Fort Lorette : la Ville promet d’acheter le site
Le terrain situé dans Ahunstic-Cartierville renferme les plus vieux vestiges de Montréal
Montréal fera l’acquisition du site de l’ancien Fort Lorette, dans Ahuntsic-Cartierville. C’est ce que le maire Denis Coderre a promis lundi, trois mois après que le terrain de la Congrégation des Soeurs de Miséricorde est passé aux mains d’un promoteur privé.
Des recherches archéologiques menées sur le site bordant la rivière des Prairies ont confirmé la présence de tranchées correspondant aux anciennes palissades du Fort Lorette et permis la découverte d’artefacts.
Il y a dix jours, le ministre de la Culture, Luc Fortin, avait annoncé avoir signé un avis d’intention de classement afin de protéger l’ancienne mission sulpicienne.
«Pour Montréal, c’est une découverte archéologique majeure », estime Vincent Garneau, coprésident de la Société d’histoire d’AhuntsicCartierville. «Ce sont parmi les plus vieux vestiges de Montréal qui ont été découverts là. Avec l’église de la Visitation, qui est la plus vieille de l’île de Montréal, ça crée un pôle intéressant pour le patrimoine historique. »
Denis Coderre reconnaît la valeur exceptionnelle du site qui a accueilli le Fort Lorette des Sulpiciens en 1696 et il s’engage à ce que la Ville en fasse l’acquisition pour rendre les lieux accessibles au public. «On va s’associer aux experts de Pointe-à-Callière, l’Université de Montréal et l’Université McGill pour en faire un centre d’interprétation », a-t-il expliqué.

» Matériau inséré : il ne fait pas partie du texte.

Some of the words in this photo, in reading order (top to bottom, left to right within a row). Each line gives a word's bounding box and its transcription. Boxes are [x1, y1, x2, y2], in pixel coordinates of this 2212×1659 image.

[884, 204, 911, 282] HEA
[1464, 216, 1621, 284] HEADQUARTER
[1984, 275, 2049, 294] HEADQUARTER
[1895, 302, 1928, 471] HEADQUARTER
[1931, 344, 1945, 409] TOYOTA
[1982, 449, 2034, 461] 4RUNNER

Au préalable, des fouilles archéologiques plus poussées devront être réalisées.
Projet immobilier
Sauf que pour acheter ce terrain situé au 12 375, rue du Fort-Lorette, la Ville devra négocier avec le promoteur Antonio Rizzo, qui a acheté la propriété des Soeurs de Miséricorde pour 2 millions au mois de mars dernier.

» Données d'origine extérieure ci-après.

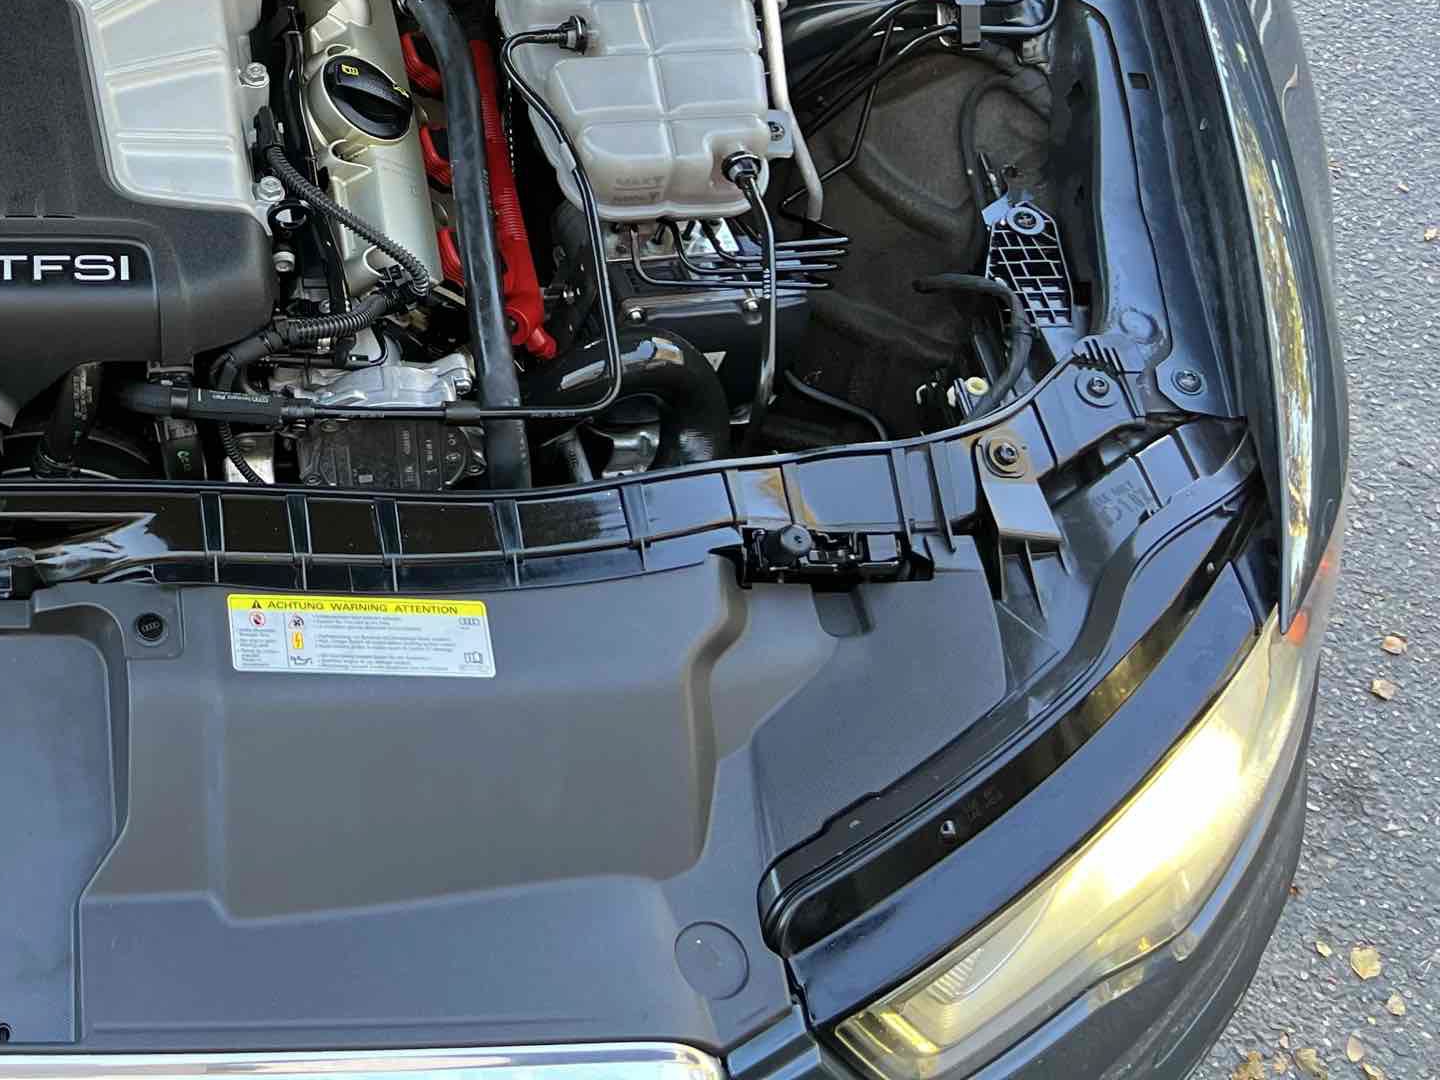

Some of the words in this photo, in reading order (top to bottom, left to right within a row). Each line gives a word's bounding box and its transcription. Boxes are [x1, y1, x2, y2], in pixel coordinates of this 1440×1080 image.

[267, 599, 325, 611] ACHTUNG
[330, 602, 389, 612] WARNING
[394, 604, 459, 615] ATTENTION

Pourquoi la Ville n’a-t-elle pas acheté le terrain à ce moment ? «Les religieuses ne l’ont jamais offert à la Ville ou à l’arrondissement », a soutenu Lorraine Pagé. La Ville a été mise devant le fait accompli quand la vente a été réalisée, a dit la conseillère du district de Saultau-Récollet en signalant que les religieuses ont refusé l’accès au site pour la conduite de fouilles archéologiques.

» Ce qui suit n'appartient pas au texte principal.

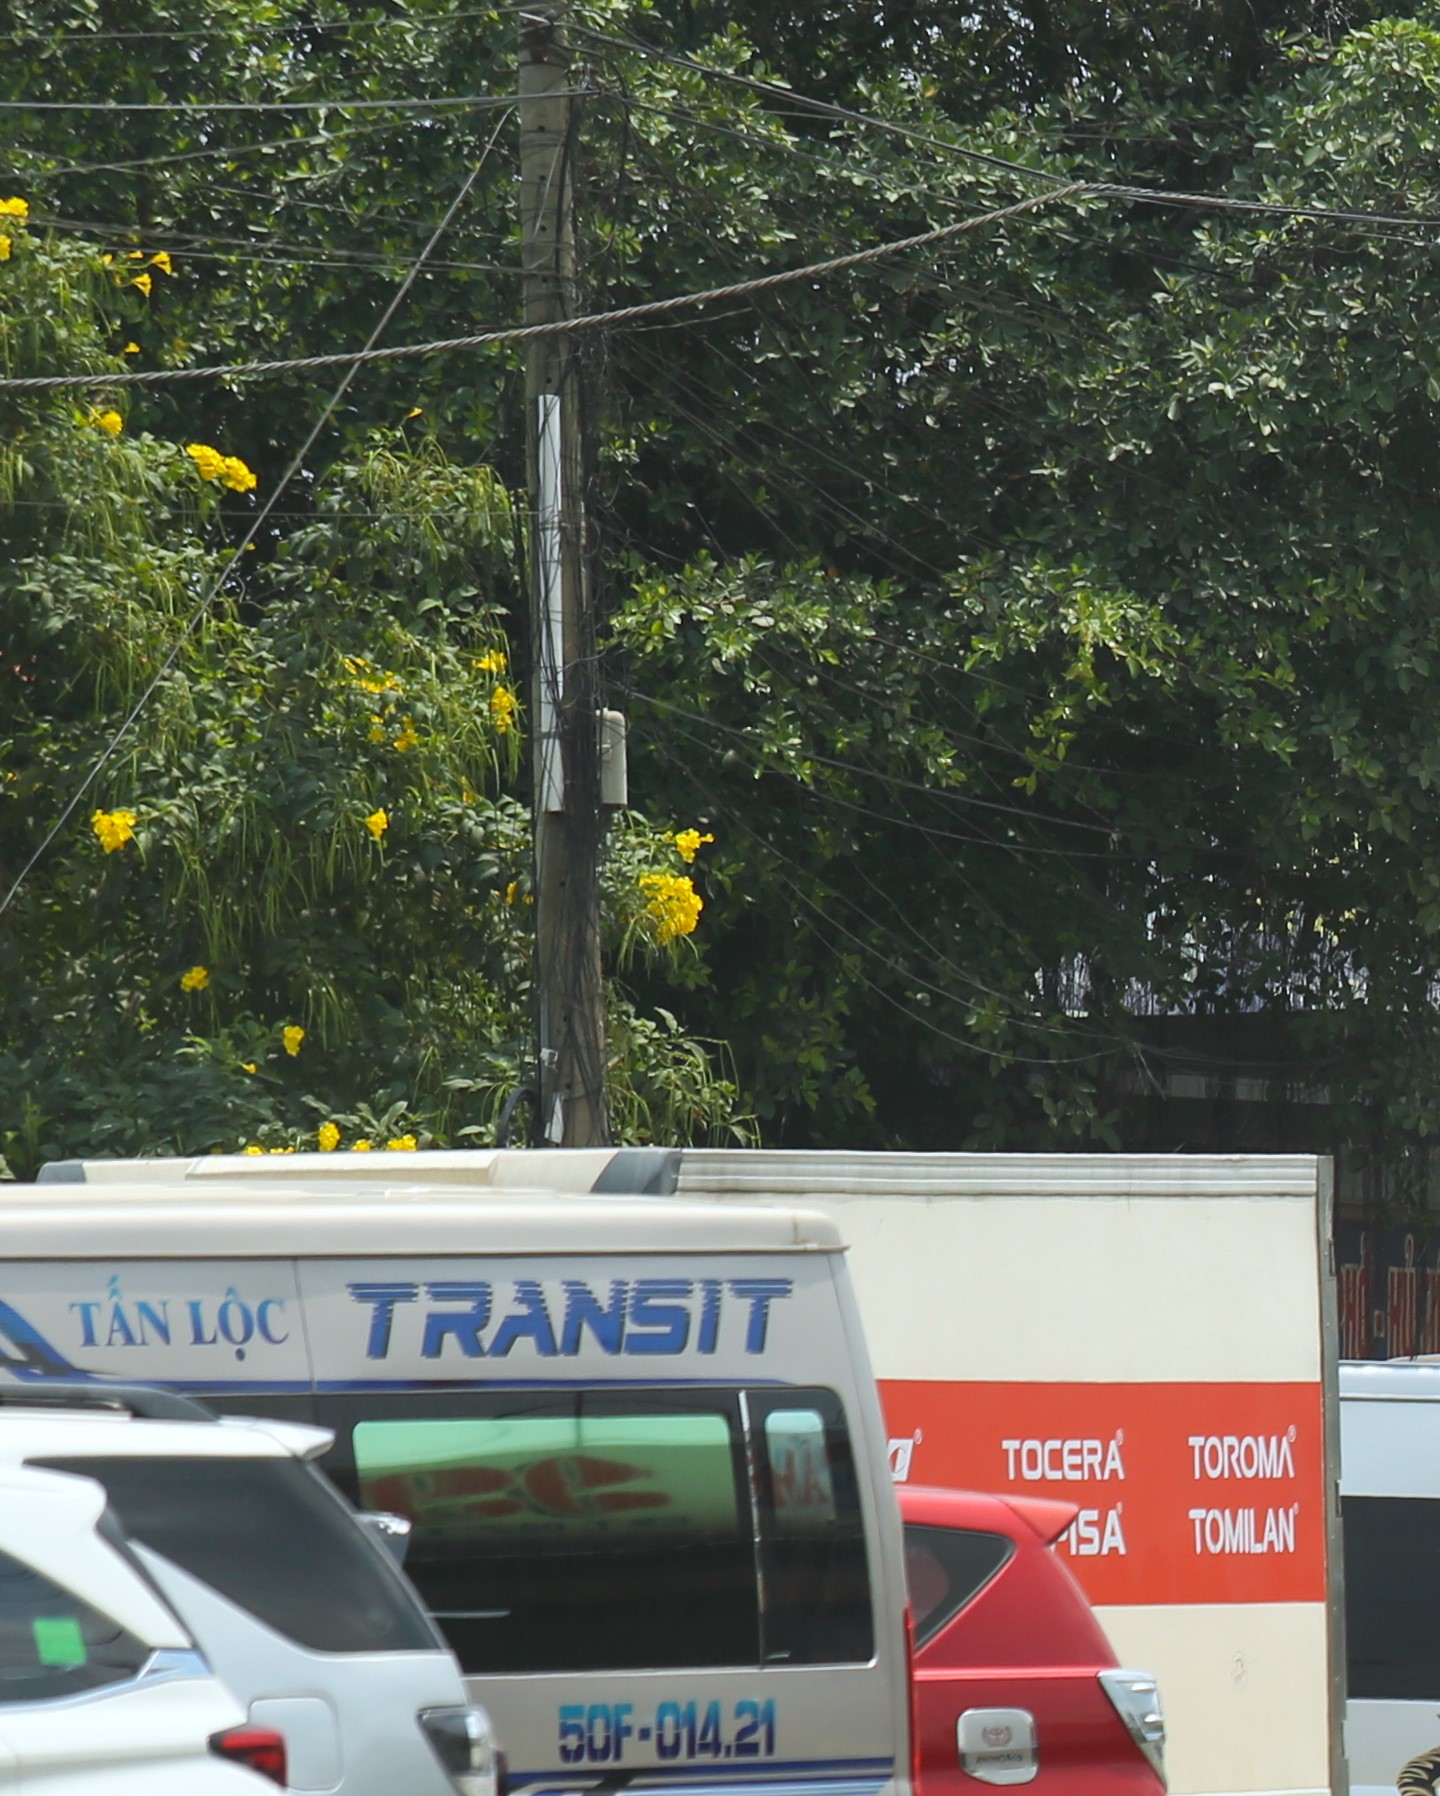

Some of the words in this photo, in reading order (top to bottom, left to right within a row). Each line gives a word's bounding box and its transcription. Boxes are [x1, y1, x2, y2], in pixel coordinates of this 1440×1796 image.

Avant même d’acheter la propriété, le promoteur avait présenté un projet de développement immobilier, a précisé Lorraine Paré. Mais il ne pourra jamais réaliser son projet compte tenu de l’avis de classement et du zonage qui est demeuré institutionnel, a-telle souligné.
La conseillère de Projet Montréal Émilie Thuillier estime qu’en matière de patrimoine la Ville est toujours « en mode réaction». Selon elle, le site du Fort Lorette n’en est qu’un exemple de plus. «C’est sûr qu’on est d’accord [avec le projet d’achat] parce que c’est ça qu’il faut faire, mais on est “en mode rattrapage”. Il est minuit et quart. Le terrain est vacant depuis une dizaine d’années. Comment se fait-il que personne n’ait réagi ? »
Mme Thuillier déplore que la Ville n’ait pas acheté la propriété au moment opportun. Elle aurait évité de se retrouver dans une situation délicate qui l’oblige à négocier avec un promoteur immobilier. L’élue craint d’ailleurs que cela fasse grimper le coût de la facture pour la Ville. Au rôle foncier, la valeur de la propriété atteint 3 millions.
300 ans d’histoire
« C’est sûr que quelqu’un l’a échappé quelque part», admet Vincent Garneau, de la Société d’histoire d’AhuntsicCartierville.
Reste que le site est d’un grand intérêt patrimonial, ditil. Le site a accueilli une mission sulpicienne qui s’était d’abord installée au pied du mont Royal avant de migrer au village de Sault-au-Récollet à la fin du XVIIe siècle.
«Il y a plus que le Fort Lorette. Il y a 300 ans d’histoire sur ce petit terrain-là», souligne M. Garneau en rappelant qu’un véritable complexe y a été érigé avec la maison SaintJanvier (1853), une résidence pour prêtres retraités, et la crèche Saint-Paul (1912).
Quant au promoteur Antonio Rizzo, il n’a pas rappelé Le Devoir.